Table 1.
Metabolic engineering strategies for 3-hydroxypropionate production in yeast.
| Metabolic engineering strategies | Beneficial effect for 3-HP production | Reference |
|---|---|---|
| Increasing the supply of malonyl-CoA: Overexpression the enzymes (ALD6, ACSse, ADH2) for acetyl-CoA accumulation; Deleting the MLS1 to block the consumption of acetyl-CoA; Overexpression the ACC1 catalyzing acetyl-CoA to malonyl-CoA. Increasing the supply of NADPH: Overexpression the GAPN catalyzing the formation of extra NADPH. Establishing the MCR pathway: Overexpression the CaMCR. | 3-HP production was increased to 463 mg/L | Chen et al., 2014 |
| Generating the ACC1 mutant (ACC1Ser659Ala Ser1157Ala) through mutating the potential phosphorylation sites to abolish the post-translational regulation Increasing the ACC1 activity by overexpression of the ACC1 mutant | 3-HP production was up to ∼2.2-fold more than that of the wild-type ACC1 | Shi et al., 2014 |
| Constructing the β-alanine pathway by overexpressing AAT2, PYC1, PYC2, ALT, BcBAPAT, EcHPDH, and multiple copies of TcPAND | 13.7 g/L 3-HP was generated through the constructed β-alanine pathway from glucose in fed-batch fermentation at low pH. | Borodina et al., 2015 |
| Increasing the supply of acetyl-CoA by overexpressing PDC1, ALD6, and ACSse; Engineering the cofactor specificity of the GAPN to increase the production of NADPH at the expense of NADH and thus improve 3-HP production and reduce formation of glycerol as by-product; Integrating multiple copies of CaMCR and ACC1 mutant genes into the genome. | 3-HP was produced at a titer 7.37 g/L in a carbon-limited fed-batch fermentation | Kildegaard et al., 2016 |
| Developing a malonyl-CoA biosensor based on the bacterial transcription factor FapR to monitor and precisely control the intracellular malonyl-CoA concentration | 3-HP titer was enhanced i by 120% | Li et al., 2015 |
| A hierarchical dynamic control strategy to control the expression level of CaMCR depending on the intracellular malonyl-CoA concentration: The upper level of control was to dynamically downregulate fatty acid biosynthesis using HXT1 promoter.
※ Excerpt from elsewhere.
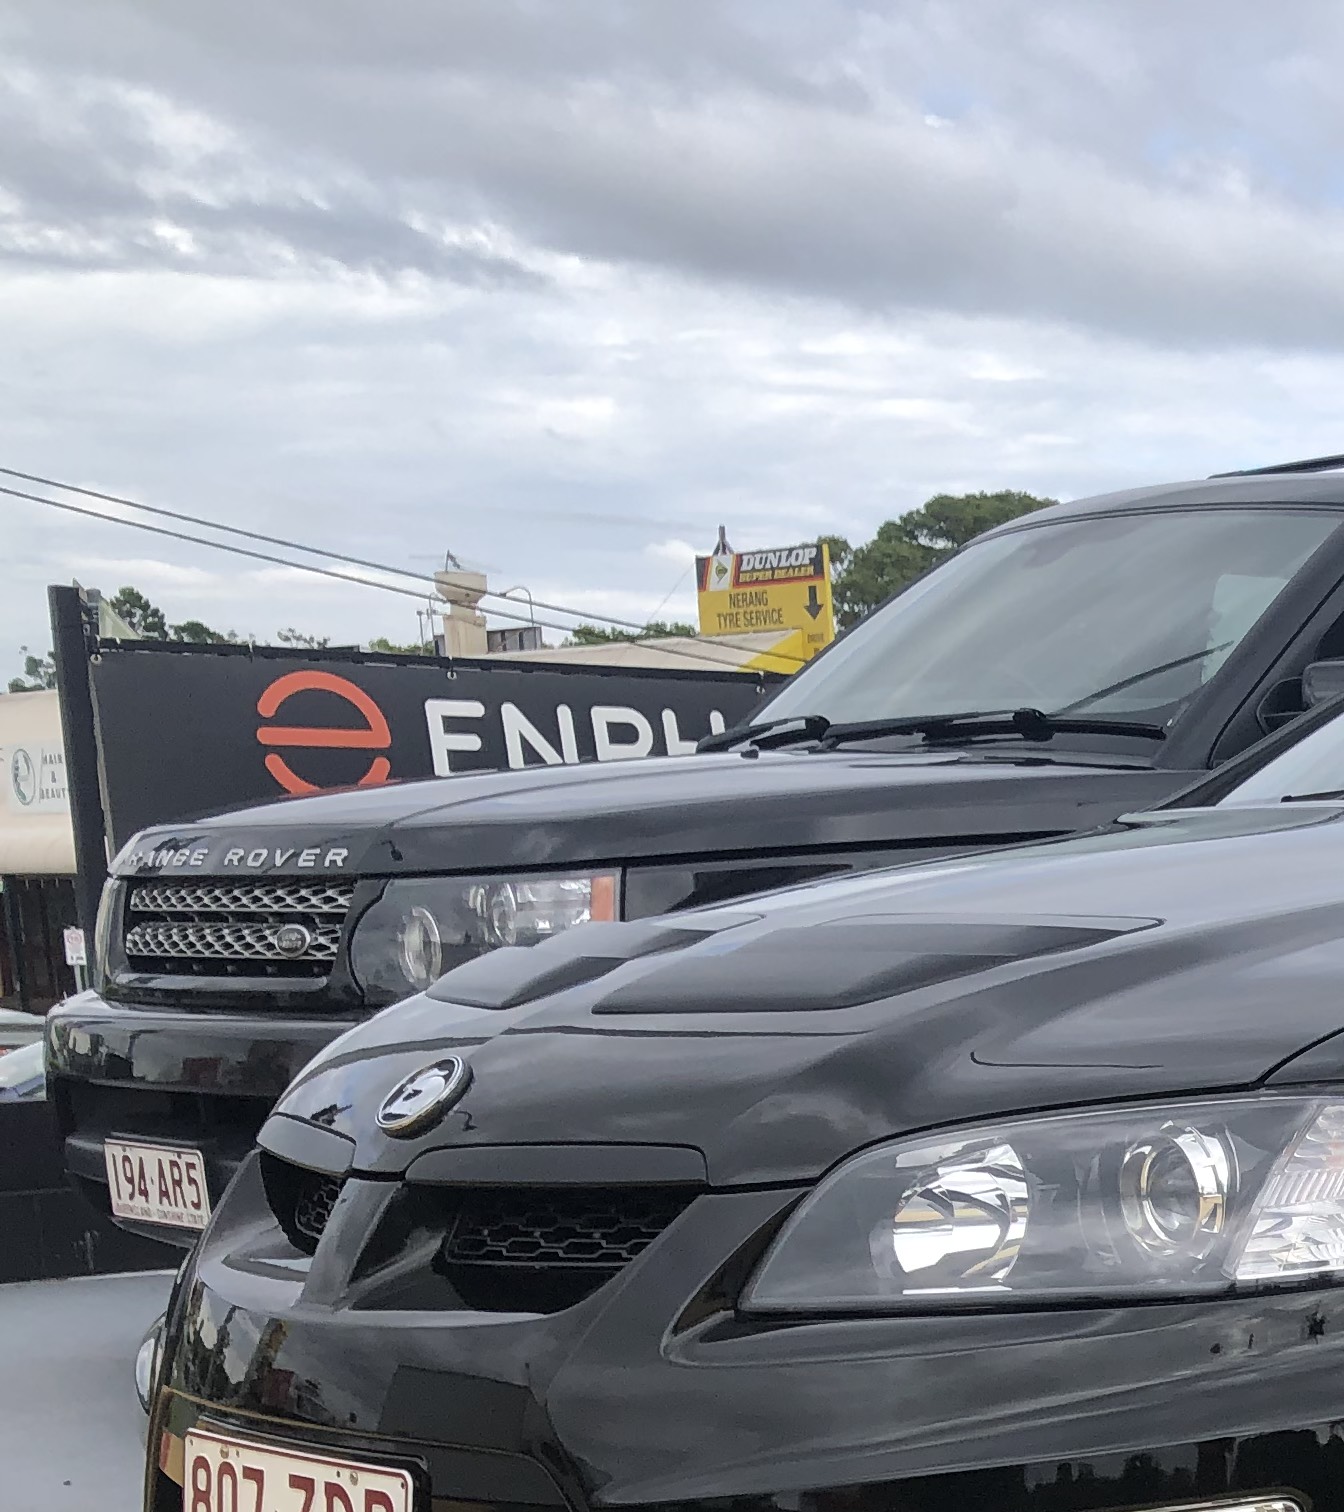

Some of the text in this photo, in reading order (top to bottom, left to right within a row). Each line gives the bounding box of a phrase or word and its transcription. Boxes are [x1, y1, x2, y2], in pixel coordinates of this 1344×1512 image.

[740, 548, 817, 571] DUNLOP
[728, 590, 769, 609] NERANG
[716, 608, 784, 630] TYRE SERVICE
[223, 848, 349, 868] ROVER
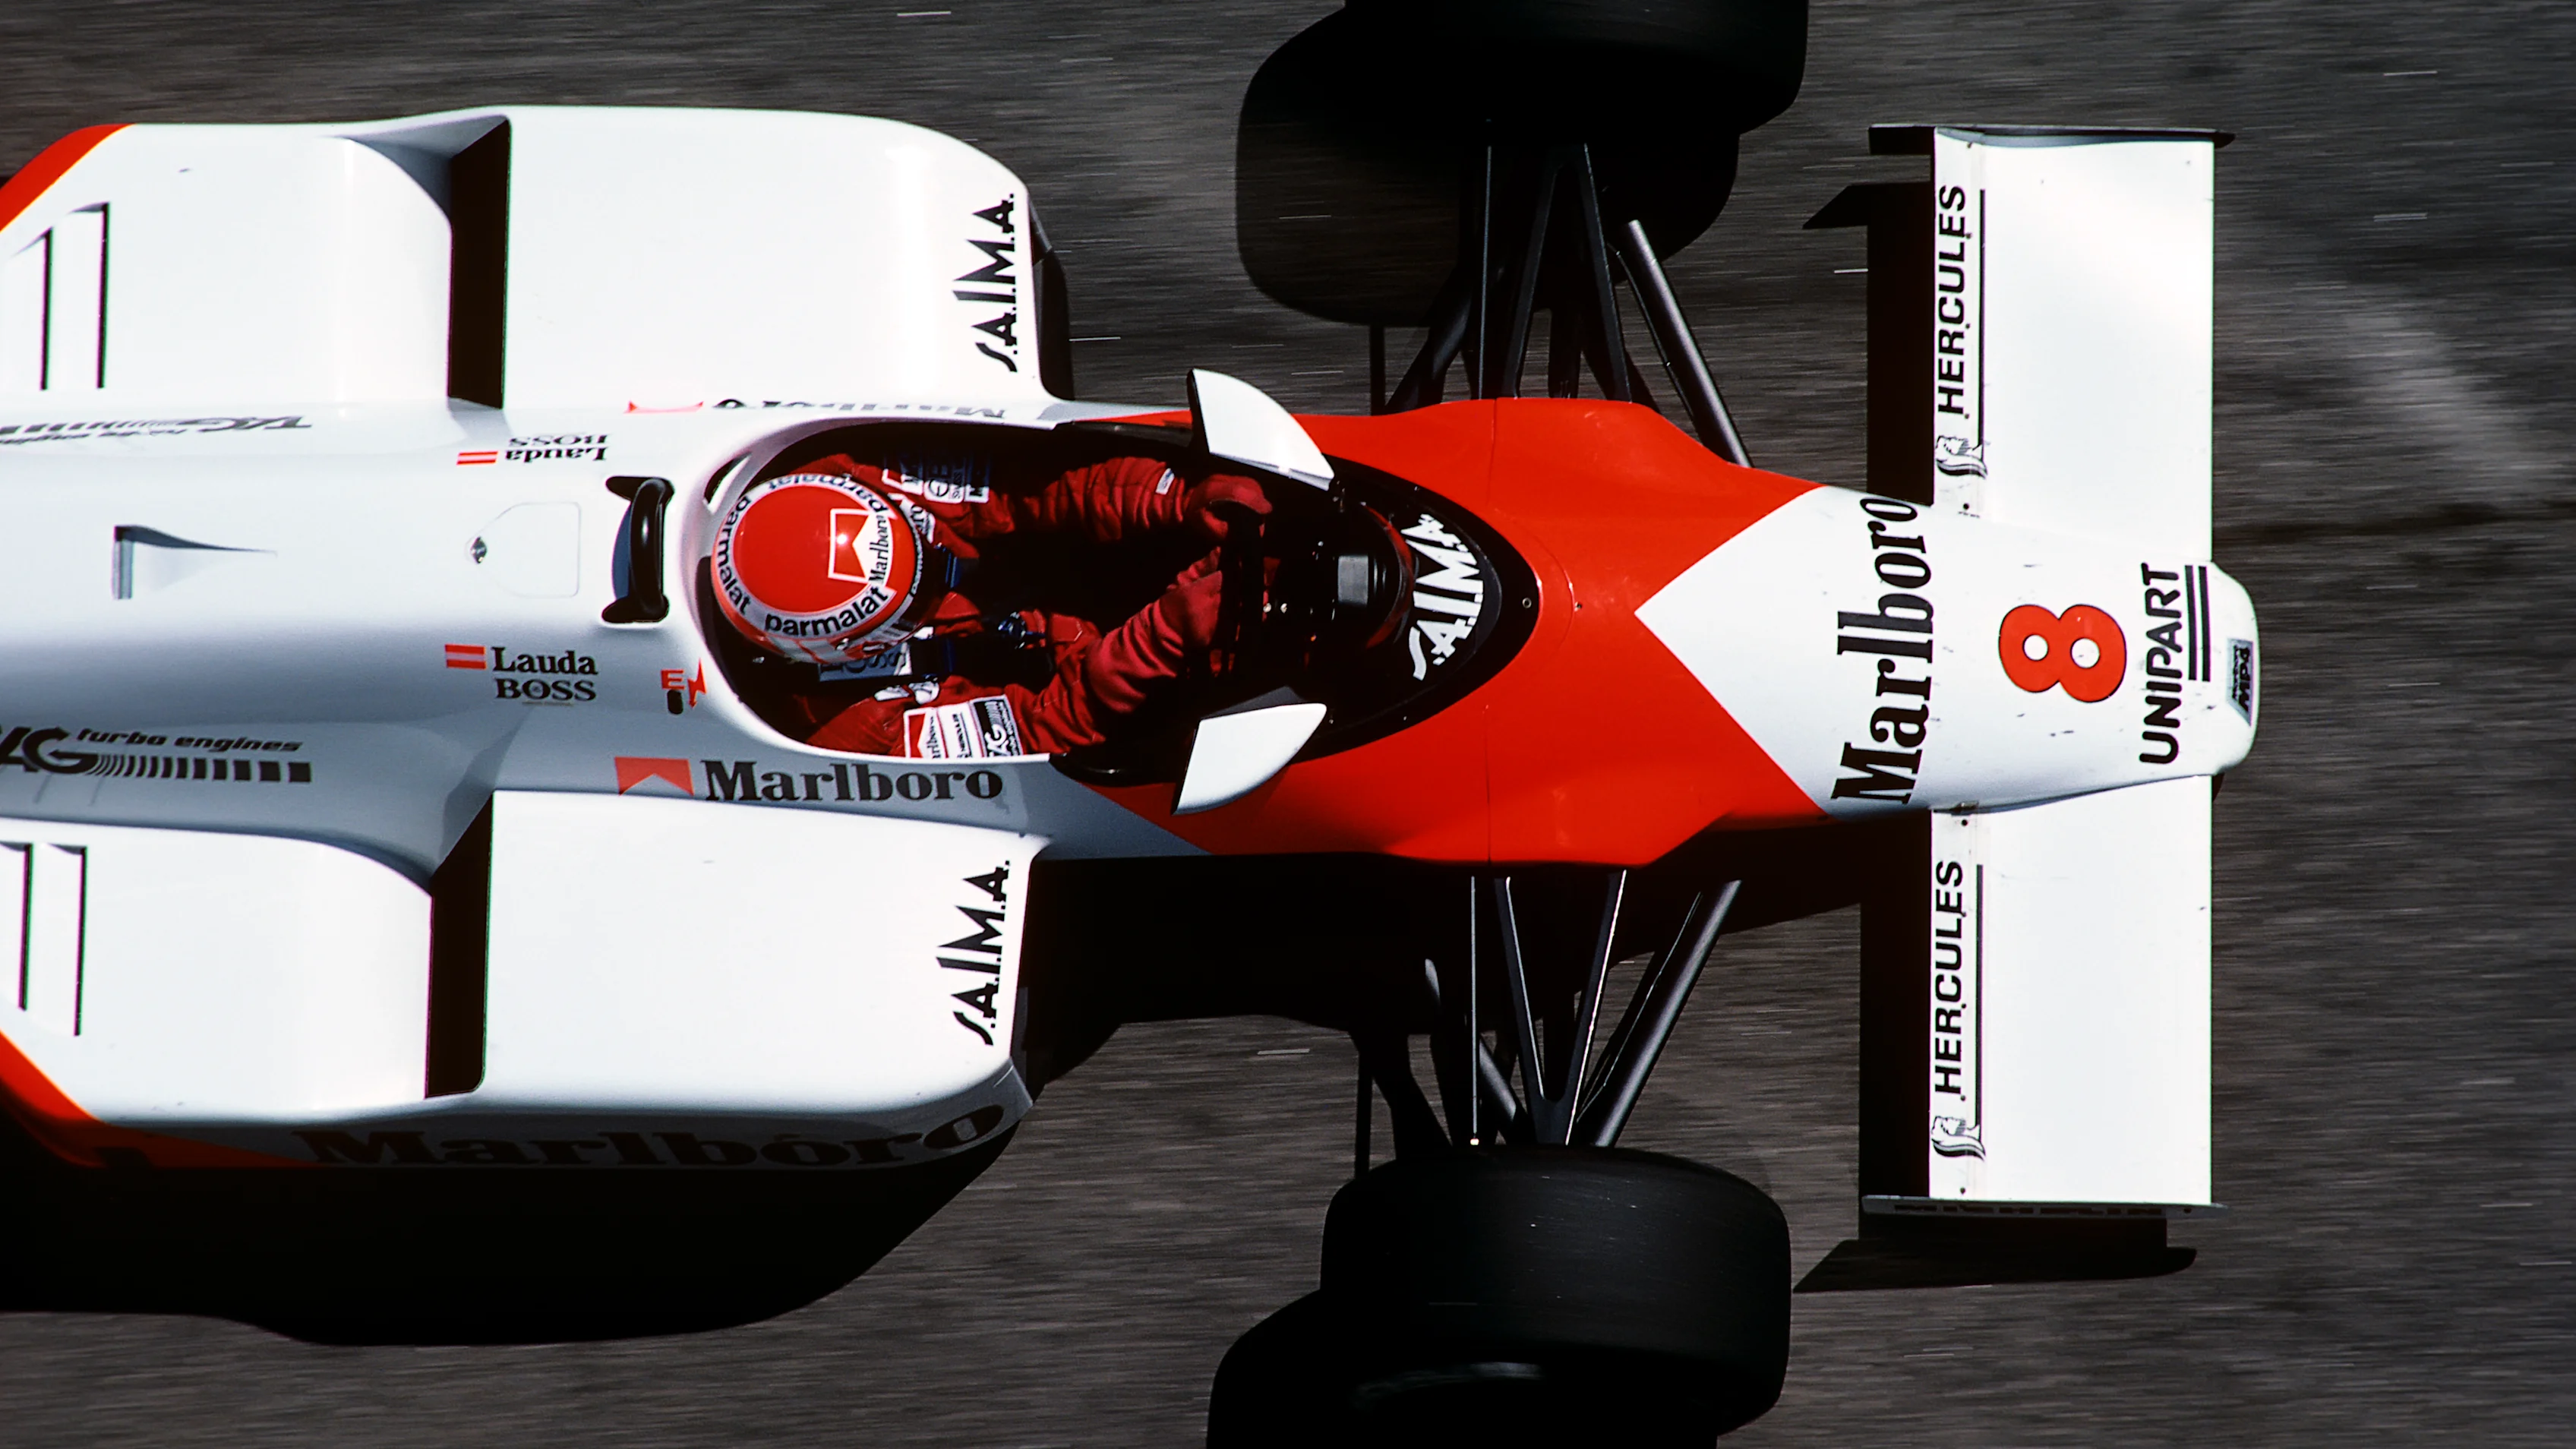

The lower level was based on the malonyl-CoA biosensor. | 3-HP production was increased by 10-fold | David et al., 2016 |
| Improving the availability of malonyl-CoA through down-regulating lipid synthesis. Manipulating the phospholipid synthesis transcriptional regulators including Ino2p, Ino4p, Opi1p, and a series of synthetic Ino2p variants, combining with studying the inositol and choline effect. | 3-HP production was increased by 9-fold | Chen et al., 2017 |
| Identifying and characterizing promoters that depend on glucose concentration for use as dynamic control elements. Identifying 34 candidate promoters that strongly responded to glucose presence or absence. A subset of promoters, pADH2, pICL1, and pHXT7, were demonstrated as suitable for dynamic control of 3-HP production. | Regulating the 3-HP pathway by the ICL1 promoter resulted in 70% improvement of 3-HP titer in comparison to PGK1 promoter. | Maury et al., 2018 |
AAT2, aspartate aminotransferase 2; ACC1, acetyl-CoA carboxylase; ACSse, acetylation-insensitive acetyl-CoA synthetase from Salmonella enterica; ADH2, alcohol dehydrogenase; ALD6, NADP-dependent aldehyde dehydrogenase; ALT, alanine aminotransferase; BcBAPAT, β-alanine-pyruvate aminotransferase from Bacillus cereus; EcHPDH, 3-hydroxypropionate dehydrogenase from E. coli; GAPN, NADP-dependent G3P dehydrogenase; CaMCR, malonyl-CoA reductase from Chloroflexus aurantiacus; MLS1, cytosolic malate synthase; PDC1, pyruvate decarboxylase; PYC1/2, pyruvate carboxylase 1/2; TcPAND, aspartate decarboxylase from Tribolium castaneum.